Lift13, Innovation Drivers XXX: Heather Kelley [en]

Here are my live notes of the Lift Conference session “Innovation Drivers: XXX”. Keep an eye open for mistakes, inaccuracies, and other flakiness due to live-blogging.
Heather Kelley: Designing the female orgasm

Game designer since 15 years ago. Game challenge in 2006, topic “sex”. What could she come up with for a game on that topic that she could talk about on stage?

Cute little bunny that you can tickle, whisper to, scratch his tail… On the upper screen you would see the bunny fly through the air, up to its “happy place” if you do it enough. (Nintendo DS)

Another challenge. Don’t fall off the top bunk! With Erin Robinson, game called “our first times”. (Wii). Note: these are game designs, weren’t realized.

2010, idea for a real product: OhMiBod.

Vibrator scene in Sex and the City, season 1, episode 9. Until then, great segmentation in the vibrator market: cheap and badly designed, cheesy, loud, low-quality materials, bad controls. Then the feminist sex-positive sex shops showed up. Much nicer environment, good lighting, staff have tried the toys and know what they’re selling, good design, care with materials… On the inside, same technology pretty much: eccentric rotating mass.

24-carat gold-plated vibrator, 12K € with sucky controls (up and down for speed, and the left-right to cycle through patterns that you get lost in — who hasn’t been there?).

Lelo Tiani, design award. Demo. Separate controller with an accelerometer in it. You basically can shake the controller to change the vibration speed.

Another demo. Musical vibe by OhMiBod. iPad required here 😉 Vibrator picking up the music and tuning to it. App as touchscreen controller for the vibrator (you can use that instead of a song). You can use two touch points, save to favorites, etc.

Another one: sonar kind of controller. Don’t have to touch it, just approach it.

All these demos are commercially made and available. Also hacking (the last demo). You can get all the info online and make it at home.

Ressources:

– Arse Elektronika in SF (every year)
scanlime.org (plans for the sonar controller)
slashdong.org hacker community.

No better reason for more women to get into engineering!

Lift13, Innovation Drivers XXX: Kate Darling [en]

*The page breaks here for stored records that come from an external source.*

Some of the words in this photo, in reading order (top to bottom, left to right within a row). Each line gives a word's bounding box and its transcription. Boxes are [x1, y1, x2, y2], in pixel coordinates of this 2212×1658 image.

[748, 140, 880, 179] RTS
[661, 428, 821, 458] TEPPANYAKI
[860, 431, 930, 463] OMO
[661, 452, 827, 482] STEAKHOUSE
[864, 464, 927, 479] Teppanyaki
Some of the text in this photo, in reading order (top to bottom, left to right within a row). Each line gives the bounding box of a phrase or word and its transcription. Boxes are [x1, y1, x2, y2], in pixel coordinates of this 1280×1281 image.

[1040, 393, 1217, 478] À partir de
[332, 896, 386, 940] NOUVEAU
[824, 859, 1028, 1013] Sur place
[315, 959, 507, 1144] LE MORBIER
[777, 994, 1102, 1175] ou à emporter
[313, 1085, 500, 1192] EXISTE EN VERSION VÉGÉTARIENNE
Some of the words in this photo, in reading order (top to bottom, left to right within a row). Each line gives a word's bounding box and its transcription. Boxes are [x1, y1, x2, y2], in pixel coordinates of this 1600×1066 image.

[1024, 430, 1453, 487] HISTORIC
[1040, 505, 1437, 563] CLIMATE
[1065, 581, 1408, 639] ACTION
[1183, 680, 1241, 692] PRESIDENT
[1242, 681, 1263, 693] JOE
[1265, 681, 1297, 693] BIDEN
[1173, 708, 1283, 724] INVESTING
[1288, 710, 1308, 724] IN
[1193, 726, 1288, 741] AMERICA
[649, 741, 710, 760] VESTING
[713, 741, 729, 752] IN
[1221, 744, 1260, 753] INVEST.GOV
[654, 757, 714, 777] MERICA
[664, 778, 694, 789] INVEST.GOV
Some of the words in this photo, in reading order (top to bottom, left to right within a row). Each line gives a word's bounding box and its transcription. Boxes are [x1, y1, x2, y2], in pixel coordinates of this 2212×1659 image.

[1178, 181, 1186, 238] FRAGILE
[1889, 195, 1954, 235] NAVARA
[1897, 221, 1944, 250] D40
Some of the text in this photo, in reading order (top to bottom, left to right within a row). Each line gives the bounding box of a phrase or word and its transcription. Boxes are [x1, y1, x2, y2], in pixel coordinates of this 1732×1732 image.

Here are my live notes of the Lift Conference session “Innovation Drivers: XXX”. Keep an eye open for mistakes, inaccuracies, and other flakiness due to live-blogging.
Kate Darling

Was terrified the first time she went to a porn industry conference. Lawyer friend: controlled by the mafia?! Wore her leather jacket to look cool… But the programme of the conf was… Billing 301, Legal 101… fear quickly dissolved into complete and utter boredom.

Porn is a business! No numbers, everyone who claims to have numbers in this industry are full of crap. But even the lowest estimates are in the range of billions of dollars.

1997: 900 adult websites, now millions.

Xvideos: 3x larger than CNN/ESPN
YouPorn: 6x the bandwidth of Hulu

20-30% of all internet traffic is porn.

Fast-paced and flexible industry that we don’t have much research on, though it’s fascinating from the economics perspective. (That’s how Kate ended up studying it.)

Internet has changed a lot, and lot of the content industry and law is struggling with it, because most of law/publishing was designed at the time and for the printing press world.

Copyright.

Piracy. Get a virus from porn. Virus shows more porn. Also, people want immediate access.

2004, the apocalypse: YouTube => PornTubes. Undermining the traditional business model. Copyright laws don’t help, whack-a-mole.

Really to get people to give you settlement money if you threaten to reveal they’ve been downloading gay porn…

Content is a commodity for this industry. Even if they could eradicate piracy for their content, it wouldn’t save their business model. Lots of free porn! Hard to just sell content. OMG the internets killed pr0n!

Some caught one: whee, people sharing our stuff give us free marketing! Started giving away content as a loss leader, even paying for incoming links, and getting people to pay for convenience. Give content to create a brand for yourself. Convenience, services, experience are things people will pay for.

Services in the porn industry: subscription models still work. Convenience of not having to sift through stuff, tailored to your preferences, good quality. Mobile viewing.

An experience can’t be stolen. Interactivity can’t. You can steal the live feed, but not the interactivity. Virtual strip clubs, community building. Kink-based participatory experiences.

Industry in flux, lots of change. Really doesn’t look like a dying industry! Weaker players being weeded out, and strong players surviving.